> _PROBLEM TO WORK ON_:
Repeat the data below exactly. Include each line.

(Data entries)

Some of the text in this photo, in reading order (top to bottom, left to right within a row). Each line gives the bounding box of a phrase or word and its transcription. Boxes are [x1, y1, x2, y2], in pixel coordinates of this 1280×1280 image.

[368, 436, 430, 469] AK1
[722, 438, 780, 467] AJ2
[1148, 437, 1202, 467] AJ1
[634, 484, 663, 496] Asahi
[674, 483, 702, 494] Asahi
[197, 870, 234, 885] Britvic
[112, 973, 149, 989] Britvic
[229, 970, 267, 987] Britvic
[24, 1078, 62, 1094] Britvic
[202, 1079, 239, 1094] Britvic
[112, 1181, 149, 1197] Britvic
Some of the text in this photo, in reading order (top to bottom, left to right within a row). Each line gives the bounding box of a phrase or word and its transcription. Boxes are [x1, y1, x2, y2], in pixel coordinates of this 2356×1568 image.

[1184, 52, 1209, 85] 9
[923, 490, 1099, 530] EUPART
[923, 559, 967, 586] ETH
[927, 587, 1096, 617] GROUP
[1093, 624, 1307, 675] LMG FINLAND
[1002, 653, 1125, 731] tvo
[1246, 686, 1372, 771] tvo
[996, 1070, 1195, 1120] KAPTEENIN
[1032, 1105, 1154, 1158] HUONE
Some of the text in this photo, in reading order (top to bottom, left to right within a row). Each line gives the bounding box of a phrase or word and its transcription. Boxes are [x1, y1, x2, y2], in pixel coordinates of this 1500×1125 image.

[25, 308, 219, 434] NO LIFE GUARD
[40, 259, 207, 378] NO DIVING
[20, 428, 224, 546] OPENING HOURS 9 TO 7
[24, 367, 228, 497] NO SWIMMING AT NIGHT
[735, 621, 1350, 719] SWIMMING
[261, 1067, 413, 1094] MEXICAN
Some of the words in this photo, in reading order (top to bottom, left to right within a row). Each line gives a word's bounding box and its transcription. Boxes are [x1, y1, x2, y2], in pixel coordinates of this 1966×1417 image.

> _RESULT FOR THIS EXERCISE_:
Some of the text in this photo, in reading order (top to bottom, left to right within a row). Each line gives the bounding box of a phrase or word and its transcription. Boxes are [x1, y1, x2, y2], in pixel coordinates of this 1280×1280 image.

[368, 436, 430, 469] AK1
[722, 438, 780, 467] AJ2
[1148, 437, 1202, 467] AJ1
[634, 484, 663, 496] Asahi
[674, 483, 702, 494] Asahi
[197, 870, 234, 885] Britvic
[112, 973, 149, 989] Britvic
[229, 970, 267, 987] Britvic
[24, 1078, 62, 1094] Britvic
[202, 1079, 239, 1094] Britvic
[112, 1181, 149, 1197] Britvic
Some of the text in this photo, in reading order (top to bottom, left to right within a row). Each line gives the bounding box of a phrase or word and its transcription. Boxes are [x1, y1, x2, y2], in pixel coordinates of this 2356×1568 image.

[1184, 52, 1209, 85] 9
[923, 490, 1099, 530] EUPART
[923, 559, 967, 586] ETH
[927, 587, 1096, 617] GROUP
[1093, 624, 1307, 675] LMG FINLAND
[1002, 653, 1125, 731] tvo
[1246, 686, 1372, 771] tvo
[996, 1070, 1195, 1120] KAPTEENIN
[1032, 1105, 1154, 1158] HUONE
Some of the text in this photo, in reading order (top to bottom, left to right within a row). Each line gives the bounding box of a phrase or word and its transcription. Boxes are [x1, y1, x2, y2], in pixel coordinates of this 1500×1125 image.

[25, 308, 219, 434] NO LIFE GUARD
[40, 259, 207, 378] NO DIVING
[20, 428, 224, 546] OPENING HOURS 9 TO 7
[24, 367, 228, 497] NO SWIMMING AT NIGHT
[735, 621, 1350, 719] SWIMMING
[261, 1067, 413, 1094] MEXICAN
Some of the words in this photo, in reading order (top to bottom, left to right within a row). Each line gives a word's bounding box and its transcription. Boxes are [x1, y1, x2, y2], in pixel coordinates of this 1966×1417 image.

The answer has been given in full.